[THE INPUT — start]
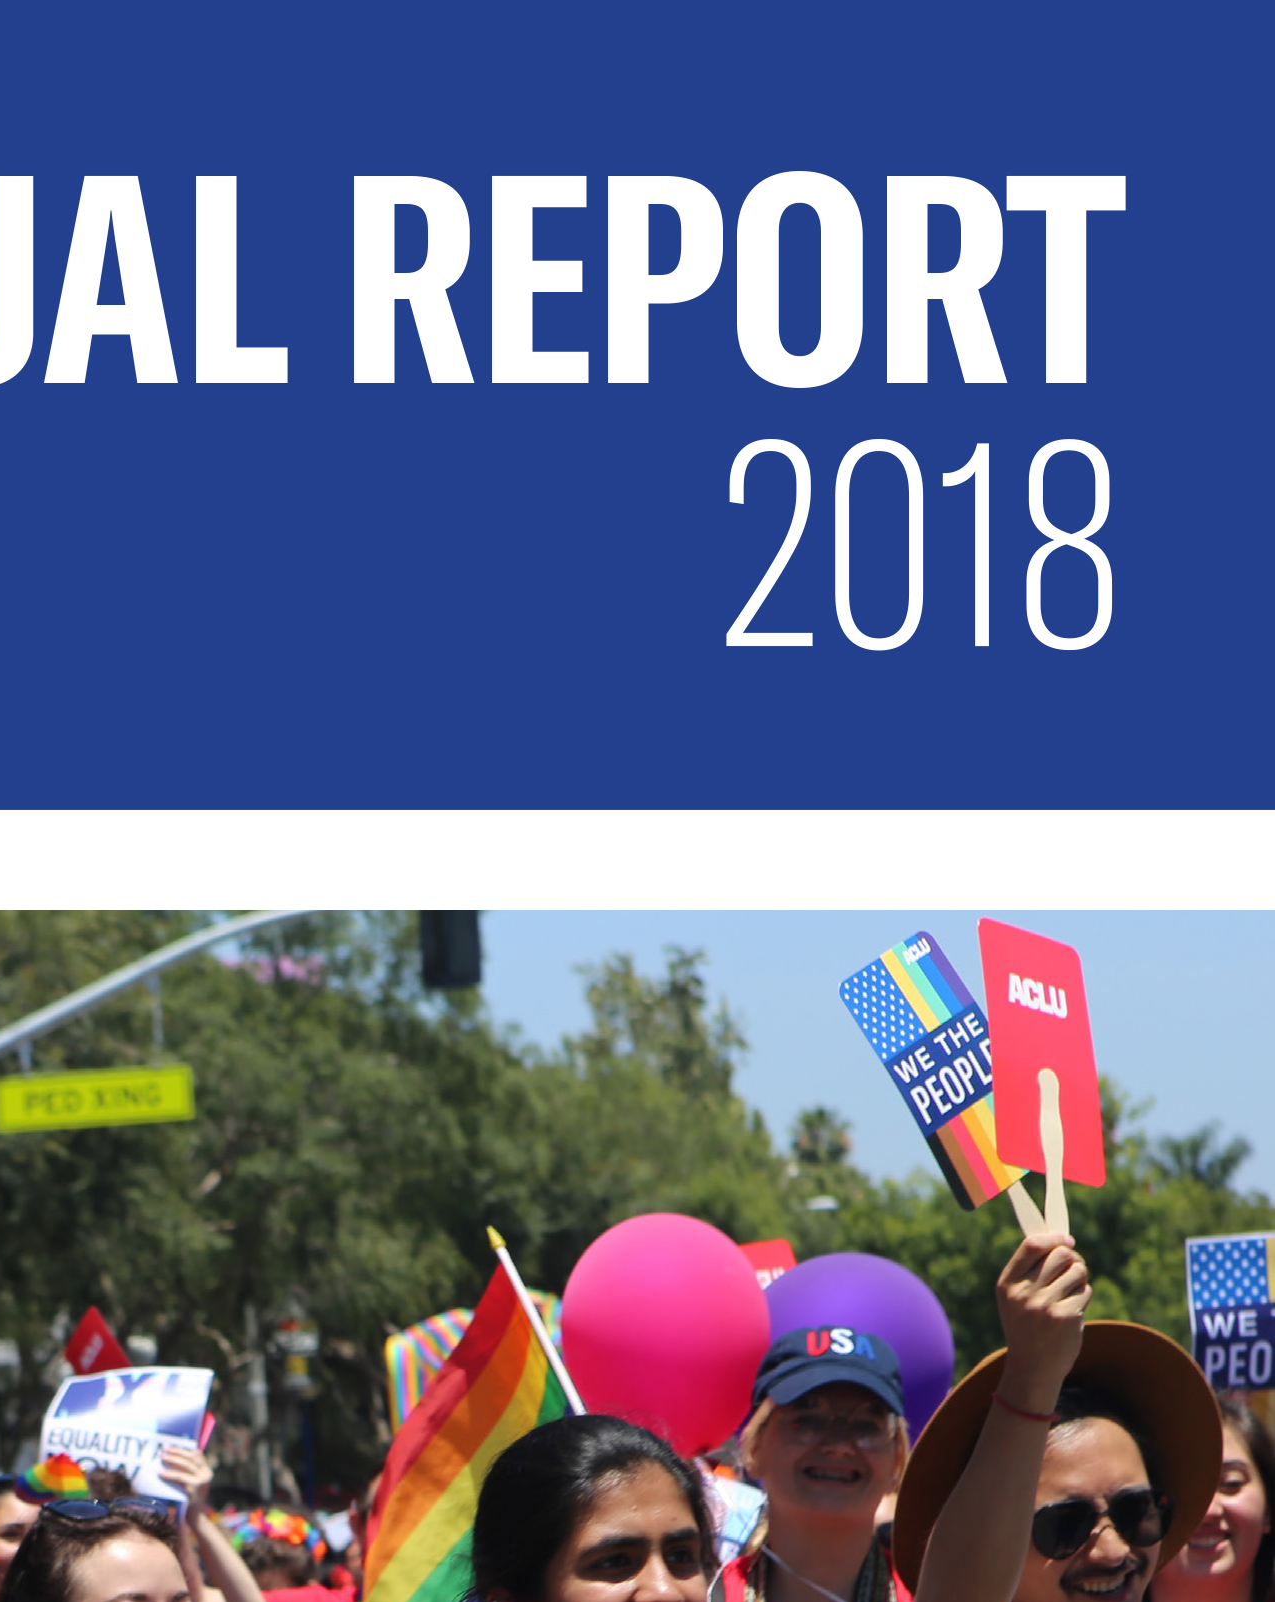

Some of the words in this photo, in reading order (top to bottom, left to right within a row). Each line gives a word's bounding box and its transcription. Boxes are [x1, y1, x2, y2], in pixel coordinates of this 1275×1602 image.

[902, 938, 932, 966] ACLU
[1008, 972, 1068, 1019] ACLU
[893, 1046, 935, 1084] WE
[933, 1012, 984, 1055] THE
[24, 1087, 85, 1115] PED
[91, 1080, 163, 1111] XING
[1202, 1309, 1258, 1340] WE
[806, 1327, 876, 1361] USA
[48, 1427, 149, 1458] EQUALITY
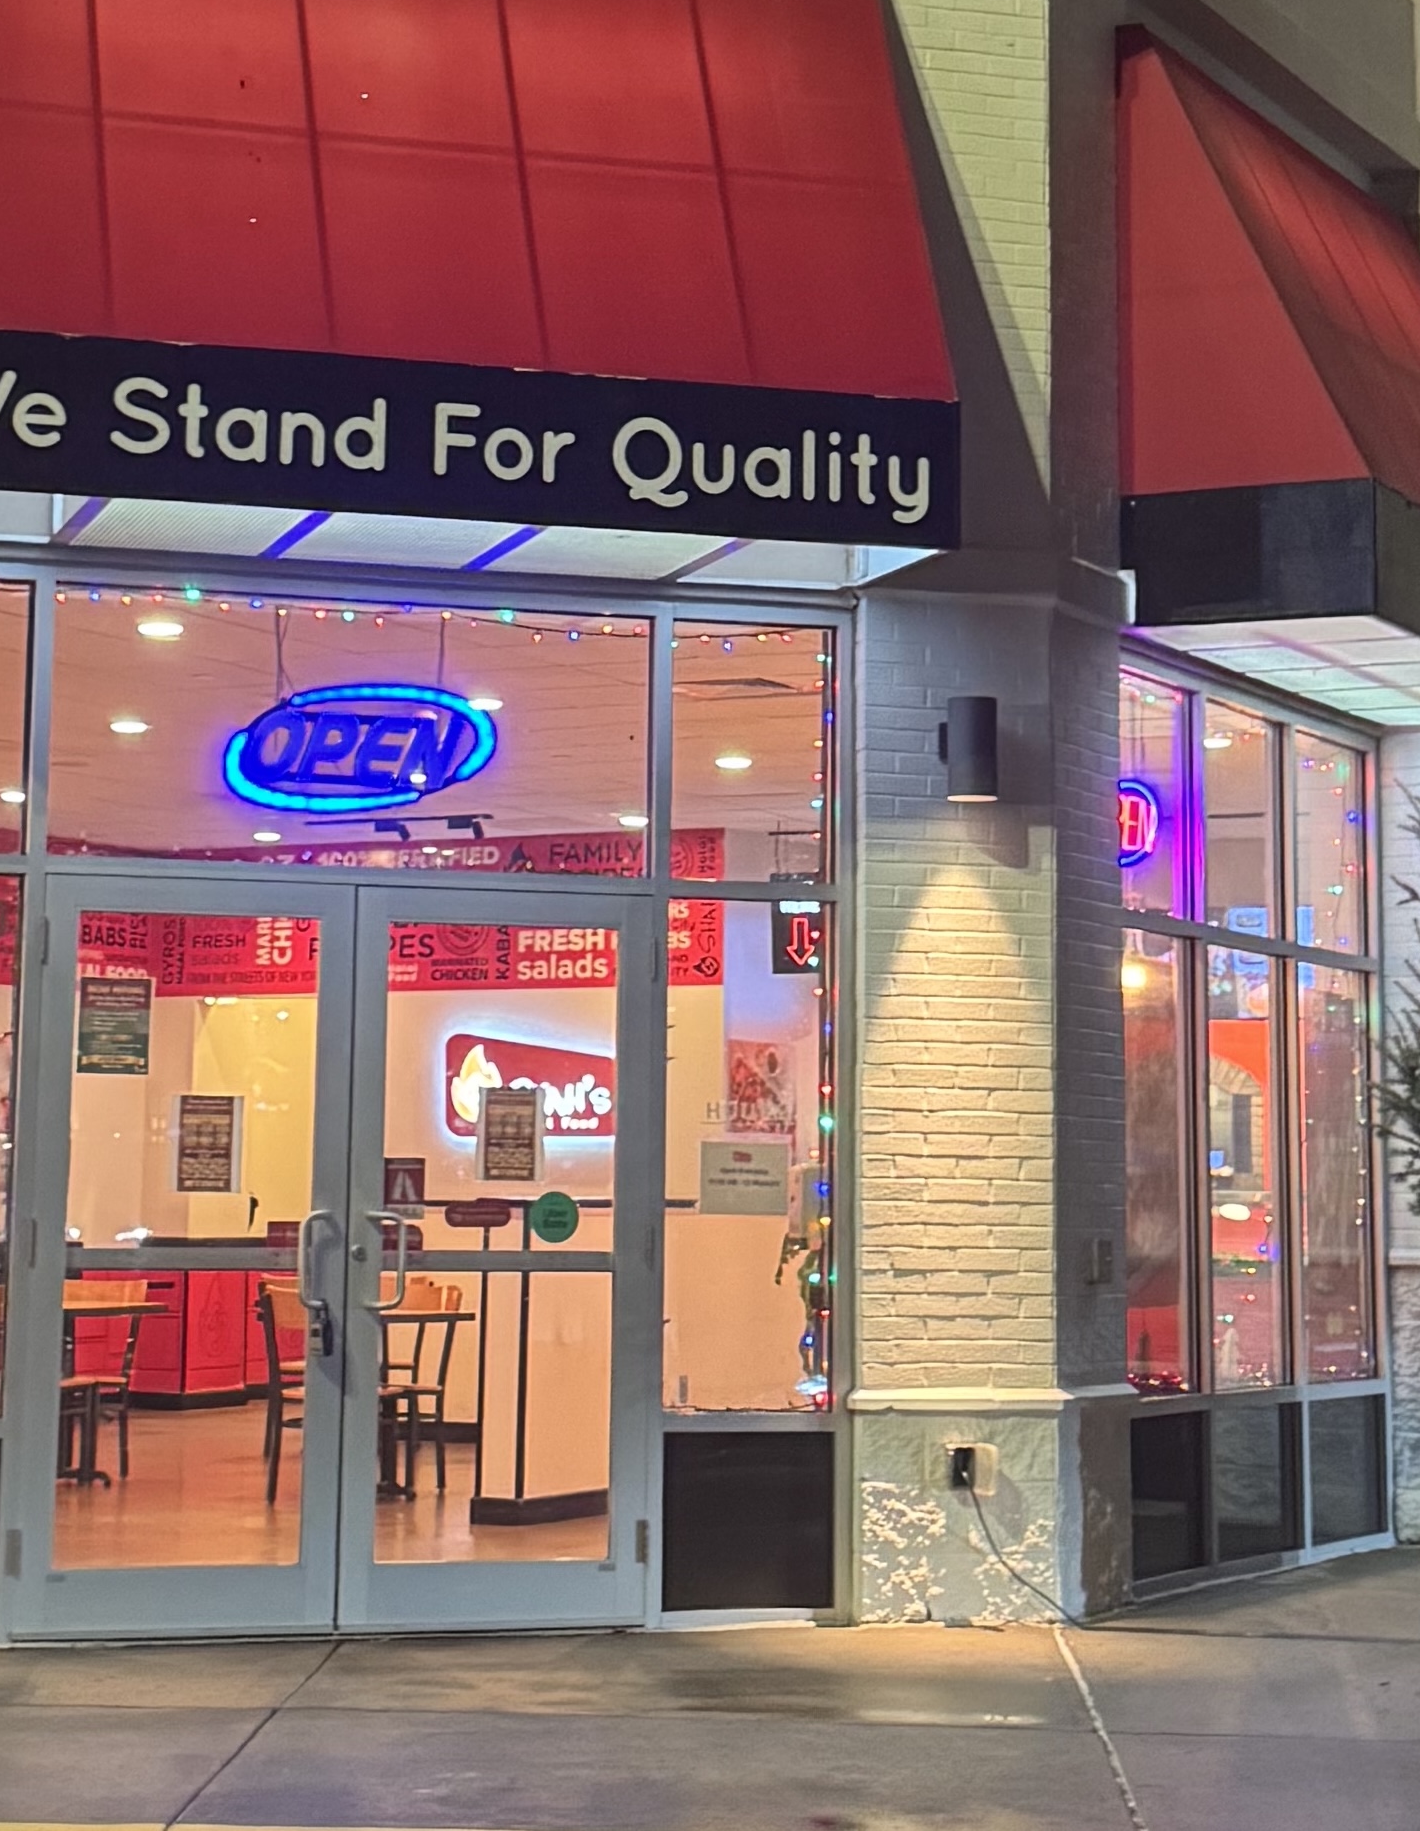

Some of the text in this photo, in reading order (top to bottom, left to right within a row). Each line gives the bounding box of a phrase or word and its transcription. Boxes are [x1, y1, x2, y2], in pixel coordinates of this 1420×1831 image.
[THE INPUT — finish]
- [ACTIVITY]
Each entry is to be returned as it stands, and each picture is to be left out.

- [REPLY TO THE TASK]
Some of the words in this photo, in reading order (top to bottom, left to right within a row). Each line gives a word's bounding box and its transcription. Boxes are [x1, y1, x2, y2], in pixel coordinates of this 1275×1602 image.

[902, 938, 932, 966] ACLU
[1008, 972, 1068, 1019] ACLU
[893, 1046, 935, 1084] WE
[933, 1012, 984, 1055] THE
[24, 1087, 85, 1115] PED
[91, 1080, 163, 1111] XING
[1202, 1309, 1258, 1340] WE
[806, 1327, 876, 1361] USA
[48, 1427, 149, 1458] EQUALITY

Some of the text in this photo, in reading order (top to bottom, left to right within a row). Each line gives the bounding box of a phrase or word and its transcription. Boxes are [x1, y1, x2, y2], in pixel coordinates of this 1420×1831 image.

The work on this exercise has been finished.